(Records from a data source)
+===+

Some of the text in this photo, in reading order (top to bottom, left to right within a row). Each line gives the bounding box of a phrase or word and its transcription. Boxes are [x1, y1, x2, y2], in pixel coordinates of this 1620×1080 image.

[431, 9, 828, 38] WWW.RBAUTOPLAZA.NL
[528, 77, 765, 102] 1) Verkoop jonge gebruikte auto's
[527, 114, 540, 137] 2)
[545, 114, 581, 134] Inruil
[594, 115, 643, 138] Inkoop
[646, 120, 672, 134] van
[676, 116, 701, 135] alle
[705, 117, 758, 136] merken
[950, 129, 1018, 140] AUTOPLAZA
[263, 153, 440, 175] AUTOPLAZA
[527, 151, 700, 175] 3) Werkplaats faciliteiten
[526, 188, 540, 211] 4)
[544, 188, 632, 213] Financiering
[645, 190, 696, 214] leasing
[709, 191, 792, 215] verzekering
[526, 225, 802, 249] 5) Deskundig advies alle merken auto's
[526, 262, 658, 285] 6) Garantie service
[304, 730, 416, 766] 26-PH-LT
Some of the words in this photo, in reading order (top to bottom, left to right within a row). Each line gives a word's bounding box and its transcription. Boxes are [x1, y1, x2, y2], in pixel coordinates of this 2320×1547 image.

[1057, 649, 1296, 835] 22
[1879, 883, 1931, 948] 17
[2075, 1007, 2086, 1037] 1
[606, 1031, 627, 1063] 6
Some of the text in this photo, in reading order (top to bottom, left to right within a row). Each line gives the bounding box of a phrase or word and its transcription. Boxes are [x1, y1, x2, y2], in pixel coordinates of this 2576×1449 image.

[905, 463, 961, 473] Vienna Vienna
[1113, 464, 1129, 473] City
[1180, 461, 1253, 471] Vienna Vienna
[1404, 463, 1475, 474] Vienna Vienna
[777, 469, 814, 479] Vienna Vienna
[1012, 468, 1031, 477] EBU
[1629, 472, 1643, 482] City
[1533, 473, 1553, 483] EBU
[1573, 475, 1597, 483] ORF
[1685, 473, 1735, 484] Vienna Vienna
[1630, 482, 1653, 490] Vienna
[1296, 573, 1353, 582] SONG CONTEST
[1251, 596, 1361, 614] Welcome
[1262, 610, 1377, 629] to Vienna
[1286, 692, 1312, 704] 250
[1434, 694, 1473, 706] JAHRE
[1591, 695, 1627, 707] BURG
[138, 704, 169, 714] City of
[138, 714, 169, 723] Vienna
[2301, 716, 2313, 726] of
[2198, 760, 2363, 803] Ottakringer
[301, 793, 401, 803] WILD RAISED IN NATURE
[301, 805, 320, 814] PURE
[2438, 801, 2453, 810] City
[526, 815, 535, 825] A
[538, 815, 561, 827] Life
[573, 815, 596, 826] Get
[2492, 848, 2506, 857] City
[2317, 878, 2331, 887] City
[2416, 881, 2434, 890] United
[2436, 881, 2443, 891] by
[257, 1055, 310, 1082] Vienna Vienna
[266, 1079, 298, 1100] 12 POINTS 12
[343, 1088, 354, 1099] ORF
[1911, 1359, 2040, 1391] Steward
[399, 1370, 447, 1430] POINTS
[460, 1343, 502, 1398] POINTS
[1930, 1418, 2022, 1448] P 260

+===+

PROBLEM TO SOLVE
The records above need to be returned in full, with nothing altered.

ANSWER TO THIS PROBLEM
Some of the text in this photo, in reading order (top to bottom, left to right within a row). Each line gives the bounding box of a phrase or word and its transcription. Boxes are [x1, y1, x2, y2], in pixel coordinates of this 1620×1080 image.

[431, 9, 828, 38] WWW.RBAUTOPLAZA.NL
[528, 77, 765, 102] 1) Verkoop jonge gebruikte auto's
[527, 114, 540, 137] 2)
[545, 114, 581, 134] Inruil
[594, 115, 643, 138] Inkoop
[646, 120, 672, 134] van
[676, 116, 701, 135] alle
[705, 117, 758, 136] merken
[950, 129, 1018, 140] AUTOPLAZA
[263, 153, 440, 175] AUTOPLAZA
[527, 151, 700, 175] 3) Werkplaats faciliteiten
[526, 188, 540, 211] 4)
[544, 188, 632, 213] Financiering
[645, 190, 696, 214] leasing
[709, 191, 792, 215] verzekering
[526, 225, 802, 249] 5) Deskundig advies alle merken auto's
[526, 262, 658, 285] 6) Garantie service
[304, 730, 416, 766] 26-PH-LT
Some of the words in this photo, in reading order (top to bottom, left to right within a row). Each line gives a word's bounding box and its transcription. Boxes are [x1, y1, x2, y2], in pixel coordinates of this 2320×1547 image.

[1057, 649, 1296, 835] 22
[1879, 883, 1931, 948] 17
[2075, 1007, 2086, 1037] 1
[606, 1031, 627, 1063] 6
Some of the text in this photo, in reading order (top to bottom, left to right within a row). Each line gives the bounding box of a phrase or word and its transcription. Boxes are [x1, y1, x2, y2], in pixel coordinates of this 2576×1449 image.

[905, 463, 961, 473] Vienna Vienna
[1113, 464, 1129, 473] City
[1180, 461, 1253, 471] Vienna Vienna
[1404, 463, 1475, 474] Vienna Vienna
[777, 469, 814, 479] Vienna Vienna
[1012, 468, 1031, 477] EBU
[1629, 472, 1643, 482] City
[1533, 473, 1553, 483] EBU
[1573, 475, 1597, 483] ORF
[1685, 473, 1735, 484] Vienna Vienna
[1630, 482, 1653, 490] Vienna
[1296, 573, 1353, 582] SONG CONTEST
[1251, 596, 1361, 614] Welcome
[1262, 610, 1377, 629] to Vienna
[1286, 692, 1312, 704] 250
[1434, 694, 1473, 706] JAHRE
[1591, 695, 1627, 707] BURG
[138, 704, 169, 714] City of
[138, 714, 169, 723] Vienna
[2301, 716, 2313, 726] of
[2198, 760, 2363, 803] Ottakringer
[301, 793, 401, 803] WILD RAISED IN NATURE
[301, 805, 320, 814] PURE
[2438, 801, 2453, 810] City
[526, 815, 535, 825] A
[538, 815, 561, 827] Life
[573, 815, 596, 826] Get
[2492, 848, 2506, 857] City
[2317, 878, 2331, 887] City
[2416, 881, 2434, 890] United
[2436, 881, 2443, 891] by
[257, 1055, 310, 1082] Vienna Vienna
[266, 1079, 298, 1100] 12 POINTS 12
[343, 1088, 354, 1099] ORF
[1911, 1359, 2040, 1391] Steward
[399, 1370, 447, 1430] POINTS
[460, 1343, 502, 1398] POINTS
[1930, 1418, 2022, 1448] P 260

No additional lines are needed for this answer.